Be Myself would be a pretty good album if it wasn't trying so hard to be Sheryl Crow c1996, but it does still have some good tracks, with the cute and catchy Grow Up standing out as the most original song on offer here.

It's definitely an album worth listening to though if you're in need of a new shot of Sheryl Crow.

Rating: three stars

Phil Page

HAYSEED DIXIE – FREE YOUR MIND AND YOUR GRASS WILL FOLLOW

Clocks have changed and the summer is coming. Self-styled 'grass rock' cover band are back with Free Your Mind And Your Grass Will Follow.

Back in 2000, they broke into the music scene with their AC/DC covers. Since then, they have expanded their repertoire somewhat and added in some stellar songs including Bohemian Rhapsody (Killer Grass) and Motorhead's Ace of Spades (Let There Be Rockgrass).

Free Your Mind And Your Grass Will Follow has their signature bluegrass sound, however, there is definitely more of a pop sound going on.

Ball Of Confusion and Black Or White are two standout tracks – there is something rather comforting about hearing Black Or White stripped back.

Elvis Costello's Oliver's Army and Bob Marley's Buffalo Soldier are even more leftfield and equally enjoyable. This is a great fun album for the upcoming summer months.

Rating: three stars

Rachel Howdle

MAXIMO PARK – RISK TO EXIST

In the mid-to-late 2000s, Maximo Park knew how to write skittering, buzzing alt-indie rock that ricocheted around between your ears, spewing cleverness and electric guitar-strewn lyrics.

They could make you dance and roll your head around frantically. Twelve years since their brilliant debut record, A Certain Trigger, and the Newcastle four-piece, still led by the ever distinctive vocals of Paul Smith, have changed little.

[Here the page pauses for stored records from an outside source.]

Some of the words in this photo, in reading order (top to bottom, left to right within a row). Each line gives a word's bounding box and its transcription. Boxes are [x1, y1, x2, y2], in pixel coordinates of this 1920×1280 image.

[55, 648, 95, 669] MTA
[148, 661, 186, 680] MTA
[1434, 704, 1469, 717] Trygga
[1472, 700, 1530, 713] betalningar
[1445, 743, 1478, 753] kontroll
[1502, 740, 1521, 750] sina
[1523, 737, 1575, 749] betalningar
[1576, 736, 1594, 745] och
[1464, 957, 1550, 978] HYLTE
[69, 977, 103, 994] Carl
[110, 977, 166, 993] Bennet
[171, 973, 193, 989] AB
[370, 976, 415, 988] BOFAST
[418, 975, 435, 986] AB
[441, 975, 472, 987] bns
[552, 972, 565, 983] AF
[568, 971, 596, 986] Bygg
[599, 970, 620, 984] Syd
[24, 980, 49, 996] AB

Get High (No, I Don't) is senselessly shouty, What Equals Love? is pleasingly funky, while The Reason I Am Here clangs and jars.

A mixed bag, but they just about get away with it.

Rating: three stars

Ella Walker

TEXAS – JUMP ON BOARD

Texas return with a brand new album, the first in four years. Following on from their previous release, 25, a celebratory acknowledgement of making music for over a quarter of a century, listeners are invited to "jump on board", in sync with the laid-back vibe of the album.

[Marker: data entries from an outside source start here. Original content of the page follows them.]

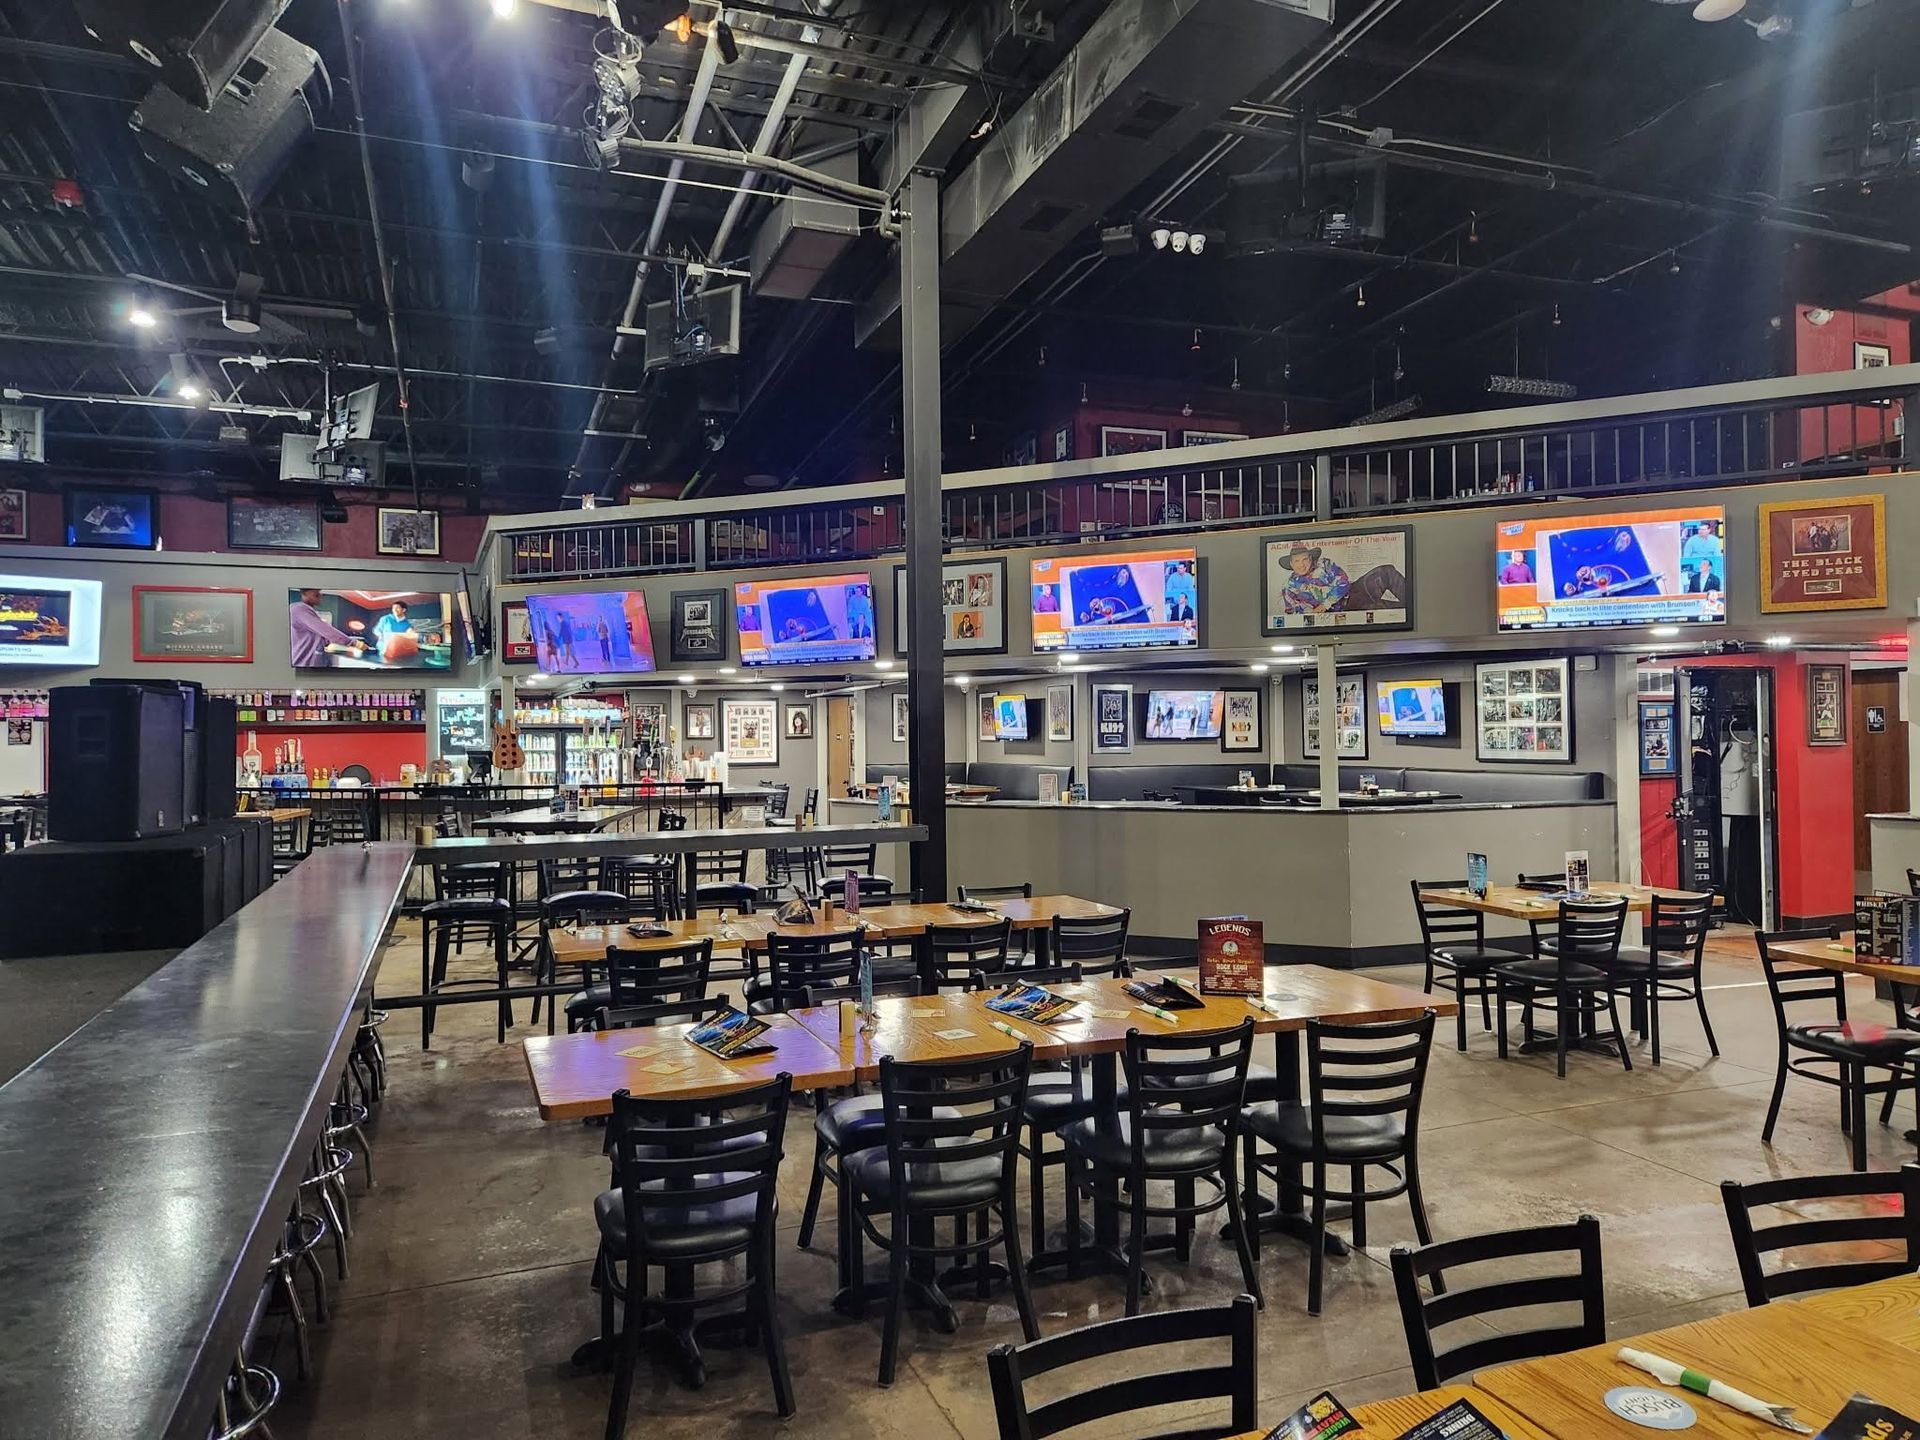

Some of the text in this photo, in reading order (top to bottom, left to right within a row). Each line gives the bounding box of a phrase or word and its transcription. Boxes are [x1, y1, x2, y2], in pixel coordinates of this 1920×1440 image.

[1311, 539, 1353, 548] Entertainer
[1782, 556, 1863, 568] THE BLACK
[1782, 566, 1863, 578] EYED PEAS
[1574, 605, 1591, 613] back
[1612, 602, 1651, 611] contention
[1100, 722, 1125, 734] KISS
[1231, 721, 1252, 733] KISS
[1209, 924, 1252, 936] LEGENDS
[1624, 1393, 1657, 1405] LIGHT
[1618, 1397, 1682, 1416] BUSCH
[1439, 1413, 1477, 1438] DRINKS

Approaching her 50th Birthday, lead singer Sharleen Spiteri cuts loose, projecting nothing but positive messages through her sincere lyrics. It's an open-minded album, reflecting on years of heartaches, hardships and general highs and lows.

The album features 10 tracks, combining rock, soul, new country and electro-pop. Opening track Let's Work It Out, an upbeat, dance track accompanied by a guitar rhythm, sets a tone which reverberates throughout the album.

In contrast to the upbeat rhythm of For Everything and Tell That Girl, there's also a number of more intense, eerier soundtracks from Can't Control to Sending A Message.

Rating: three stars

Elliott Beddoe

LITTLE DRAGON – SEASON HIGH

Old-timers Little Dragon, a Swedish electronic music four-piece whose first album was released a decade ago, are continuing their musical onslaught.

Following on from 2014's Grammy-nominated album Nabuma Rubberband, Season High showcases a new blend of electronica and experimental pop.

The album was admittedly approached with hesitation, according to lead singer Yukimi Nagano, but they need not have worried. Season High offers a rhythmically dreamy, upbeat and sleek listening experience.

Stand-out tracks include the album's opener Celebrate – an 80s throwback that highlights Nagano's Prince-like vocals, The Pop Life and Should I, both of which carry a similar vibe to the Pet Shop Boys.

The group's fifth studio album proves they are far from disappearing into the abyss.

However, for a band that is known for mixing with other artists, such as Mac Miller and Big Boi, this album is surprisingly restrictive in scope.

Season High has a compelling presence, thanks to the strong vocals provided by Nagona.

Mixing R&B with dance tracks, the overall sound is funky and enjoyable to listen to. Yet there seems to be moments where they lack diversity in sound.